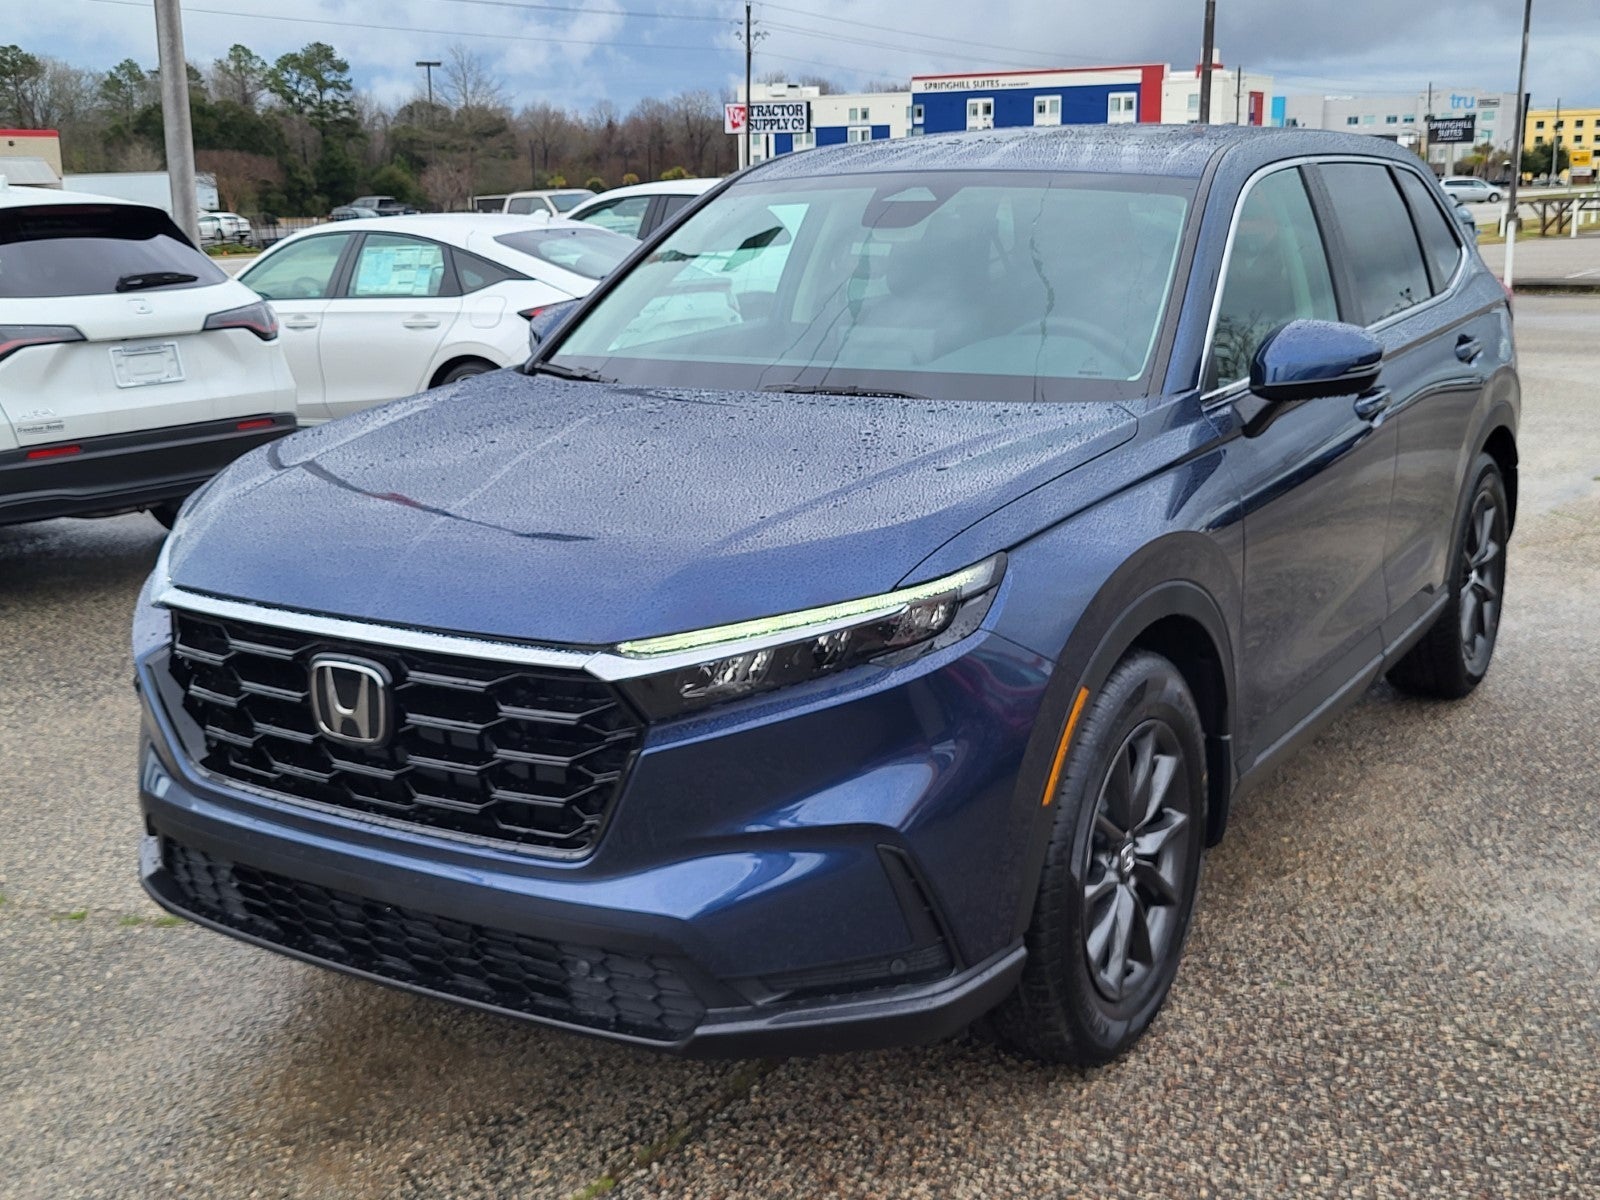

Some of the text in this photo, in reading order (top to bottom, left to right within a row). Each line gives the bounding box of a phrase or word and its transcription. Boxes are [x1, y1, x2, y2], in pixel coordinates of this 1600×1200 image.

[924, 81, 971, 91] SPRINGHILL
[972, 79, 1000, 89] SUITES
[1450, 94, 1475, 109] tru
[749, 104, 804, 117] TRACTOR
[749, 118, 790, 131] SUPPLY

________

Copy out every entry above, character for character, excluding pictures.

> [WORKED SOLUTION]
Some of the text in this photo, in reading order (top to bottom, left to right within a row). Each line gives the bounding box of a phrase or word and its transcription. Boxes are [x1, y1, x2, y2], in pixel coordinates of this 1600×1200 image.

[924, 81, 971, 91] SPRINGHILL
[972, 79, 1000, 89] SUITES
[1450, 94, 1475, 109] tru
[749, 104, 804, 117] TRACTOR
[749, 118, 790, 131] SUPPLY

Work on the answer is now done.